La homilía del Patriarca comenzó con un fuerte llamado histórico y teológico. Subrayó que el relato evangélico no evade la realidad, sino la habita: "Luca sitúa el nacimiento de Jesús dentro de la gran historia del mundo. Dios no teme la historia humana, ni siquiera cuando aparece confusa, marcada por injusticias, violencia y dominio. La Navidad no surge en un tiempo pacificado, sino en lo real, aun cuando está herido. La luz no elimina la noche, la atraviesa."

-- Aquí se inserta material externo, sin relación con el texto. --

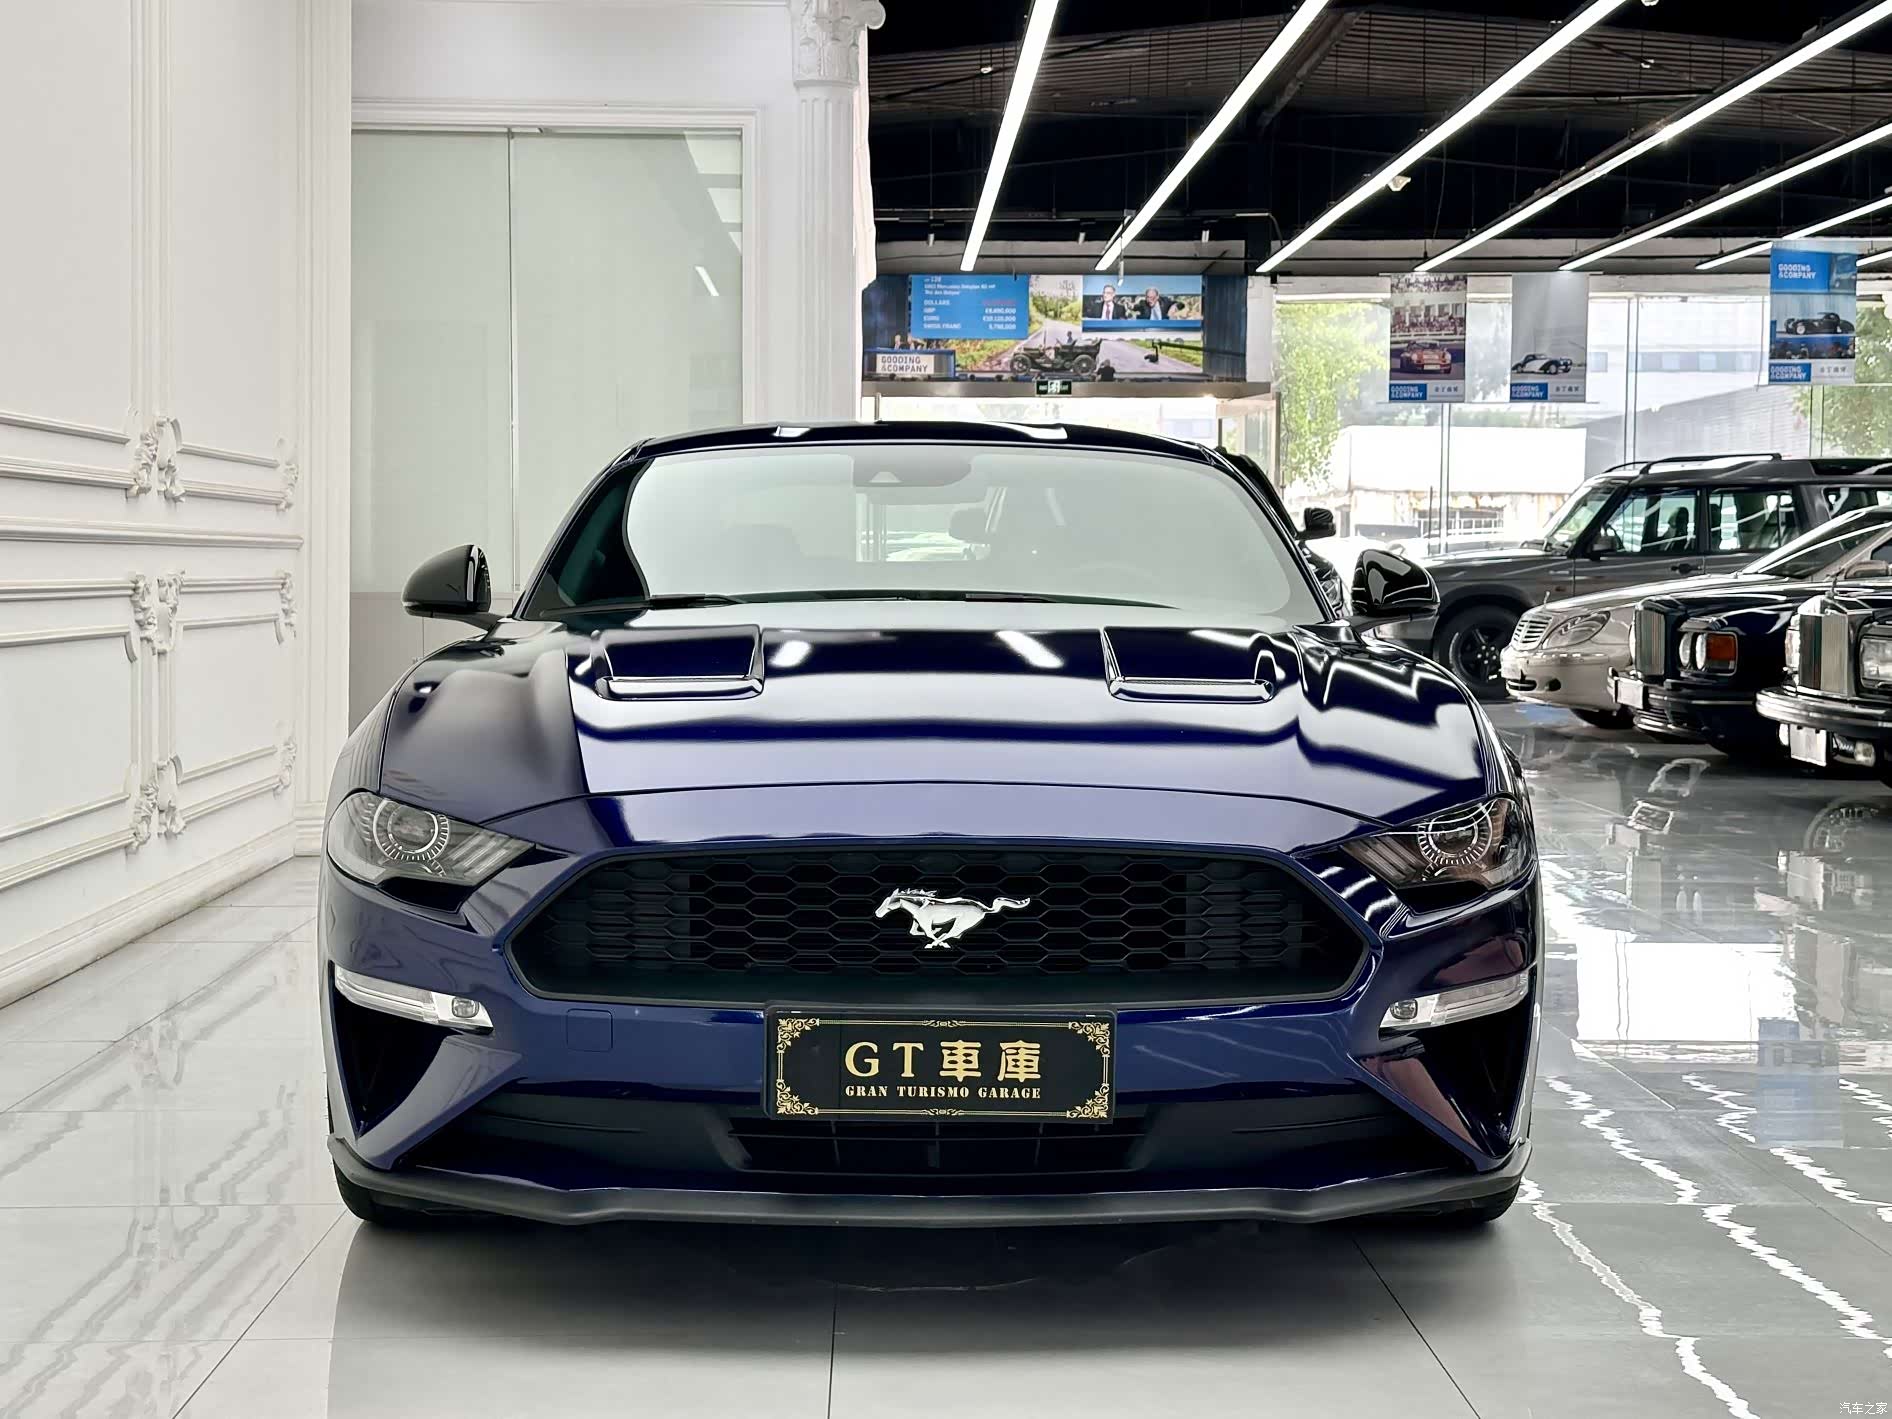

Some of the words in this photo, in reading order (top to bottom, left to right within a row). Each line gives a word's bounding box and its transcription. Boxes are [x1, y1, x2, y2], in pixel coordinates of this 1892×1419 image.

[1778, 263, 1811, 272] GOODING
[1778, 271, 1817, 280] &COMPANY
[881, 355, 922, 365] GOODING
[880, 364, 929, 373] &COMPANY
[1771, 365, 1802, 374] GOODING
[1511, 384, 1540, 392] GOODING
[845, 1085, 888, 1098] GRAN
[897, 1086, 970, 1099] TURISMO
[978, 1087, 1041, 1100] GARAGE

Entre los pasajes centrales, destacó la referencia al decreto de César Augusto, leído como símbolo de toda época: "El decreto de César parece dominar la escena. Pero, sin saberlo, se convierte en instrumento de un diseño mayor. Dios no espera a que la historia mejore para entrar en ella. Entra mientras la historia es la que es."
El Patriarca no ignoró las dificultades de Tierra Santa: "Las decisiones de los poderosos tienen consecuencias concretas sobre millones de vidas. La Tierra Santa lo testimonia." Palabras que resonaron con particular fuerza entre los fieles locales.

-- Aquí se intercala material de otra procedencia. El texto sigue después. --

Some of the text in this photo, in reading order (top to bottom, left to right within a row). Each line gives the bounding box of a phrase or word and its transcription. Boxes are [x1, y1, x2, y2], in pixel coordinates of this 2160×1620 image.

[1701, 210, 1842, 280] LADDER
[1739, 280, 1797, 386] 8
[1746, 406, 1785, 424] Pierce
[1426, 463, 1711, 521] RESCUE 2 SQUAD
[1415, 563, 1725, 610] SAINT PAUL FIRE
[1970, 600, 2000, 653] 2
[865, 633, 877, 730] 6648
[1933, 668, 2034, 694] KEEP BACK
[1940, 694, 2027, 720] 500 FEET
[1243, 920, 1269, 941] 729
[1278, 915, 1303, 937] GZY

Comentó luego el pasaje de los pastores: "La mirada del Evangelio se desplaza de los poderosos a los pastores en los campos, hombres sencillos, a menudo invisibles, que representan la vida cotidiana y el esfuerzo diario. Dios no se revela a los privilegiados, sino a los buscadores, no a quienes poseen, sino a quienes velan."
Recordó que la Navidad no es evasión, sino escuela de responsabilidad: "La Navidad no es un refugio espiritual que nos aparta de la fatiga del presente, sino una escuela de responsabilidad. Cada acto de paz, cada palabra reconciliada, cada gesto que no alimenta el odio, encarna la paz de Dios en la historia."
A continuación, la atención se centró en Gaza, visitada en los días anteriores por el Patriarca. Sus palabras no dejaron lugar a dudas sobre la concreción del momento:
"Me impresionó la fuerza de las personas, el deseo de recomenzar. Ellos viven una Navidad especial, de nuevo nacimiento.". Un testimonio vivo que sirvió de puente entre el anuncio litúrgico y el sufrimiento cotidiano de la población.

La homilía alcanzó su punto más alto en el tema de la luz: "La luz de Belén no deslumbra, guía. Pasa de corazón a corazón, mediante decisiones diarias de paz." Y en el anuncio de los ángeles: "Gloria a Dios en las alturas y en la tierra paz a los hombres que Él ama. Una paz dada, no impuesta, confiada a la libertad humana."
Cerró encomendando la Tierra Santa a la bendición del Niño: "Que el Niño nacido en Belén bendiga esta tierra y a todos sus pueblos. Bendiga a cada familia probada, a cada niño herido, a cada hombre y mujer fatigados bajo el peso del presente. La luz brilla en las tinieblas, y las tinieblas no la han vencido."

Al concluir la Misa, el Patriarca descendió a la Gruta de la Natividad junto a los sacerdotes concelebrantes. Allí colocó la estatua del Niño Jesús sobre la estrella de plata que marca el lugar del nacimiento. Tras la lectura del Evangelio, lo depositó en el pesebre, lo incensó y concluyó la celebración con la bendición al volver a la Iglesia de Santa Catalina.